CS262.Lect07.FaceDetection2

Session 7: Face Detection (cont.)
John Magee
8 February 2017
Slides courtesy of Diane H. Theriault
Question of the Day:
• How can we find faces in images?
Face Detection
• Compute features in the image
• Apply a classifier
• Viola & Jones. “Rapid Object Detection using a
Boosted Cascade of Simple Features”
What do Faces “Look Like”?
• Chosen features are responses of the image to
box filters at specific locations in the image
Using Features for Classification
• Gateway between the signal processing world and
the machine learning world
• For any candidate image, we will compute the response of the
image to some different filters at some different locations
• These will be our input to our machine learning algorithm
Using Features for Classification
• In Machine Learning, a classifier is a thing that can make a
decision about whether a piece of data belongs to a particular
class (e.g. “is this image a face or not”)

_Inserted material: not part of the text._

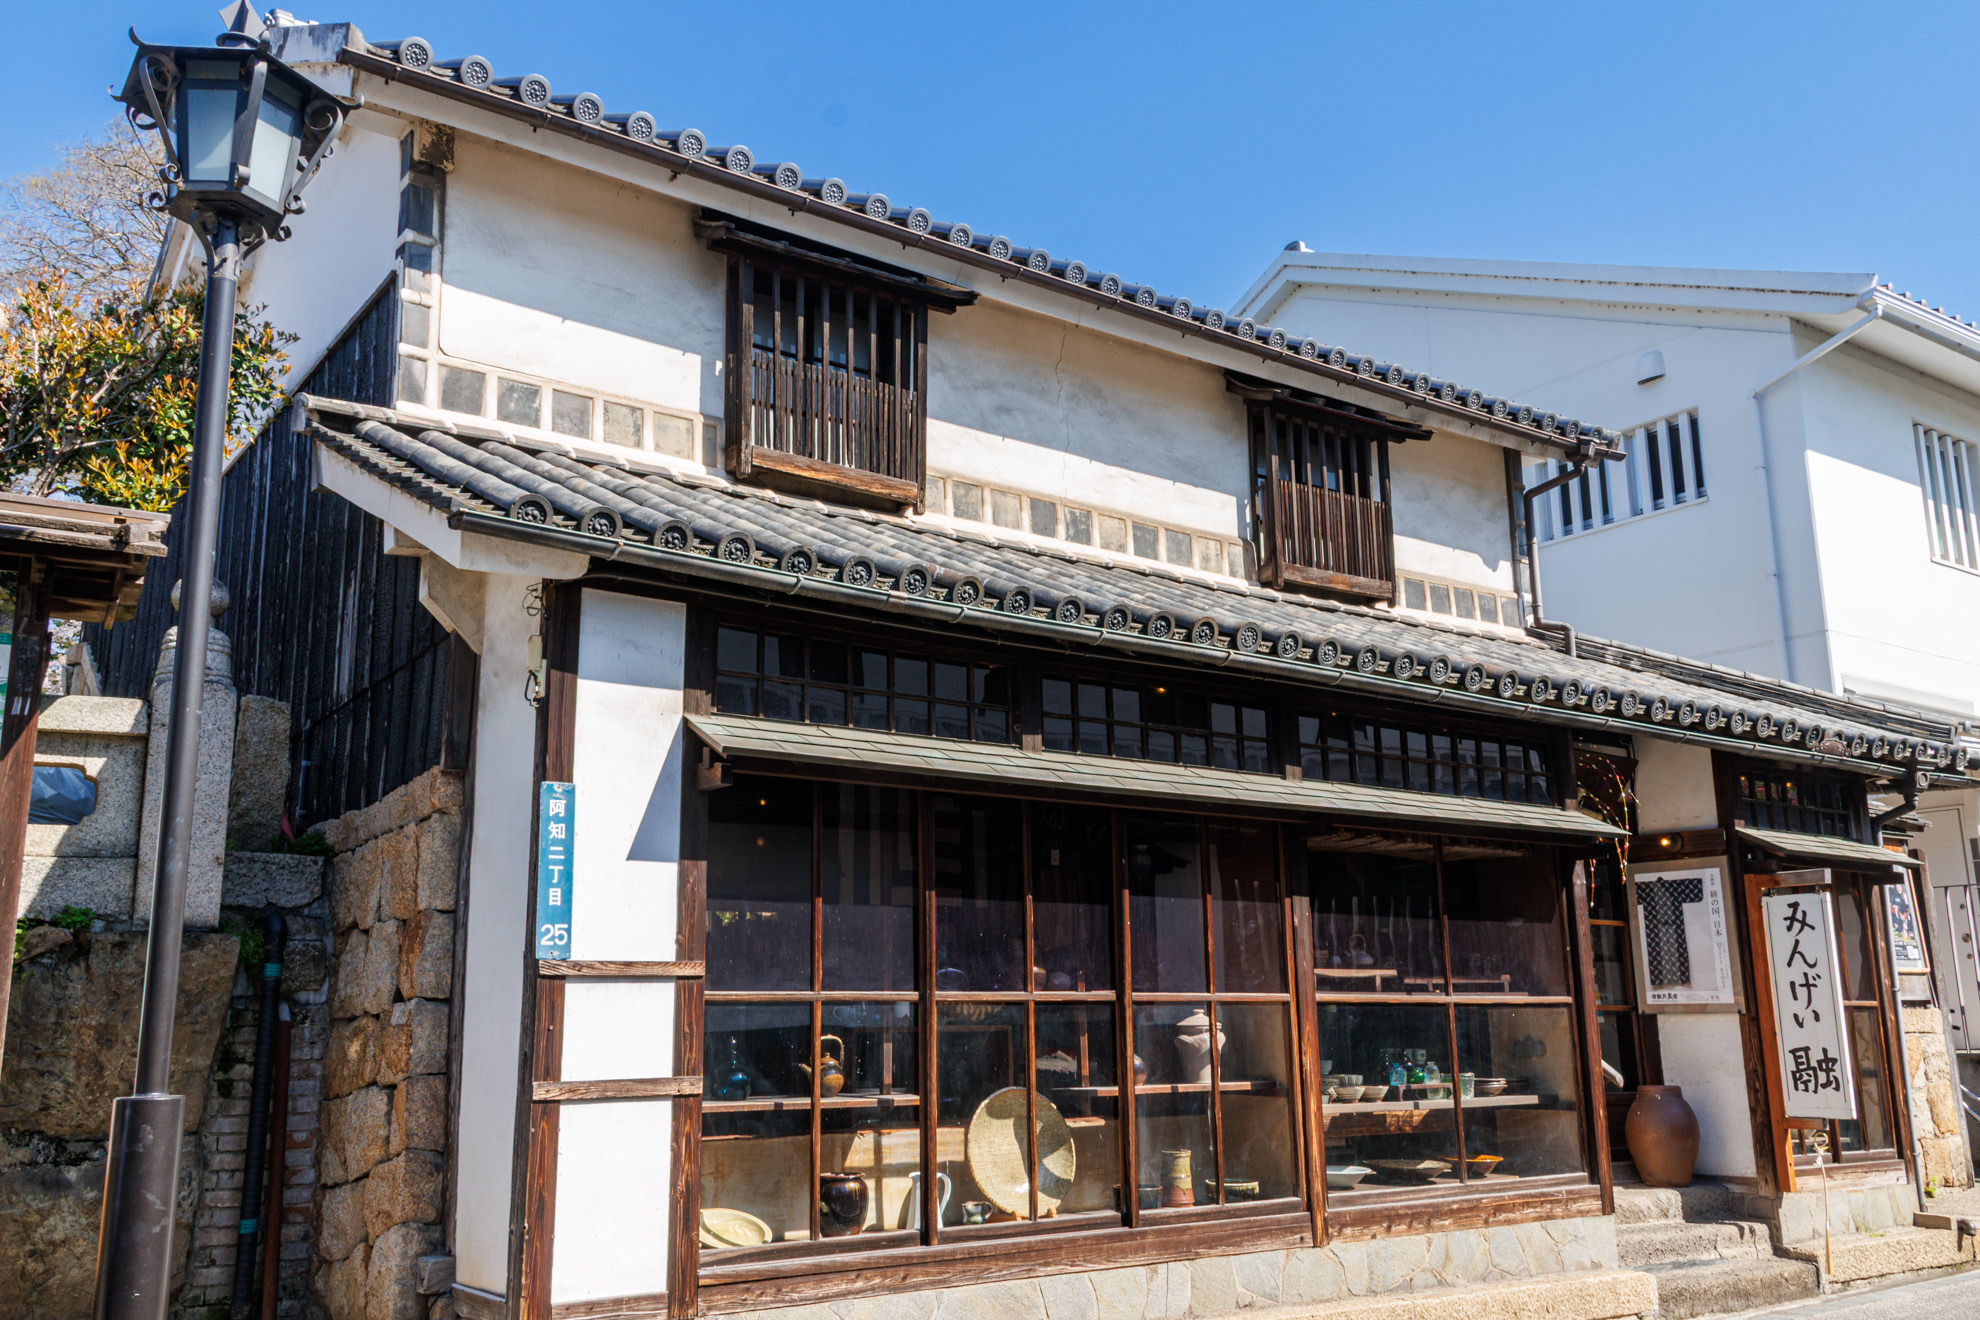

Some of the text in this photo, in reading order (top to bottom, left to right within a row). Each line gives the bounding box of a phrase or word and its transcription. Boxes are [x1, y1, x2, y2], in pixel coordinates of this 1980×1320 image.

• There are different types of classifiers, and one way to find
their parameters by looking at some training data (i.e.
“supervised learning”)
• A “weak learner” is a classifier for which you can find the best
parameters you can, but it still does a mediocre job
Using Features for Classification
• “Weak Learner” Example: Apply a threshold to a feature
(the response of the image to a filter)
• How to find a threshold?
Using Features for Classification
• How to find a threshold?
• Start with labeled training data
– 9,832 face images (positive examples)
– 10,000 non-face images (sub-windows cut from other
pictures containing no faces) (negative examples)
• Compute some measure of how good a particular
threshold his (e.g. “accuracy”), then find the
threshold that gives the best result
Using Features for Classification
• For a particular threshold on a particular feature, compute:
• For each feature,
choose a threshold that
maximizes the accuracy
Classifier Result
– Accuracy: % correctly classified
– Classification Error: 1 - Accuracy
positive
negative
positive
True positives (faces that are identified as faces)

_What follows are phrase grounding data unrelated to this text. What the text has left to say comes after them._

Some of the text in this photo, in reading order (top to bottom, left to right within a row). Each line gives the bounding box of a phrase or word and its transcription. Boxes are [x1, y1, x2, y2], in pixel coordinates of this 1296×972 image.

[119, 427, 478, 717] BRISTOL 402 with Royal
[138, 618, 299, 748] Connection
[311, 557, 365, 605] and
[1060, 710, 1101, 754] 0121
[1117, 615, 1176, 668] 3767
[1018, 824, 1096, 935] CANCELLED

True negatives (non-face patches that are identified as non-faces)
False positives (non-faces identified as faces)
Known
False negatives (faces identified as non-faces)
Classification
True
Positive
False
Positive
negative
–
–
–
–
False
True
Negative Negative
“Confusion Matrix”
Using Features for Classification
• How do you know which feature to use?
– Try them all and pick the one that gives the best result
– Then, choose the next one that does the next best job,
emphasizing the misclassified images
• Each threshold on a single feature gives mediocre results, but
if you combine them in a clever way, you can get good results
– (That’s the extremely short version of “boosting”)
Classification with Adaboost
An awesome Machine Learning Algorithm!
• Training:
– Given a pool of “weak learners” and some data,
– Create a “boosted classifier” by
– choosing a good combination of K weak learners and
associated weights
• In our case “Train a Weak Learner” =
= Choose a feature to use and which threshold to apply
Classification with Adaboost
• Training:
• Initialization: Assign data weights uniformly to each data point
• For 1:K
– Train all of the “weak learners”
– Compute the weighted classification error using weights assigned to each
data point
– Choose the weak learner with the lowest weighted error
– Compute a classifier weight associated with the weak learner, based on
the classification error
– Adjust the weights for the data points to emphasize misclassified points
• (Specifics of how to compute weights in paper)
Classification with Adaboost
• Classification:
– Use the “boosted classifier” (the weak learners and
associated weights we found during training) to label faces
• Evaluate each weak learner we chose on the new data point by
– computing the response of the image to the filter and
– applying the threshold to
– obtain a binary result
• Make a final decision by computing a weighted sum of the
classification results from the weak learners
Classification Cascade
• Tradeoff between more “complex” classifier that uses more
features (computational cost) and accuracy
• What is an acceptable error rate?
• What is an acceptable computational cost?
• Can we have our cake and eat it too?
Classification Cascade
• Solution: Use a “cascade” of increasingly complex classifiers
• Create less complex classifiers with fewer weak learners that
achieve high detection rates (maybe with extra false positives)
• Evaluate more complex, more picky, classifiers only after the
image passes the early classifiers
• Train later classifiers in the cascade using only images that pass
earlier classifiers
To Detect Faces
• Divide large images into overlapping sub-windows
• Apply classifier cascade to each sub-window
• Apply to sub-windows of different sizes by scaling the features
(using larger box filters)
Discussion Questions:
• What is the relationship between an image feature and the
response of an image to a box filter applied at a particular
location?
• If you were given a set of labeled images and a filter response for
some particular filter, how would you choose a threshold to use?
• How would you adjust your procedure for finding the best
possible threshold if you wanted to find the best threshold that
recognized at least 99% of faces, even if it let through some nonfaces (false positives)?
• Given an image, what are the steps for labeling it as face or nonface?
• What is a classifier cascade and why would you want to use one?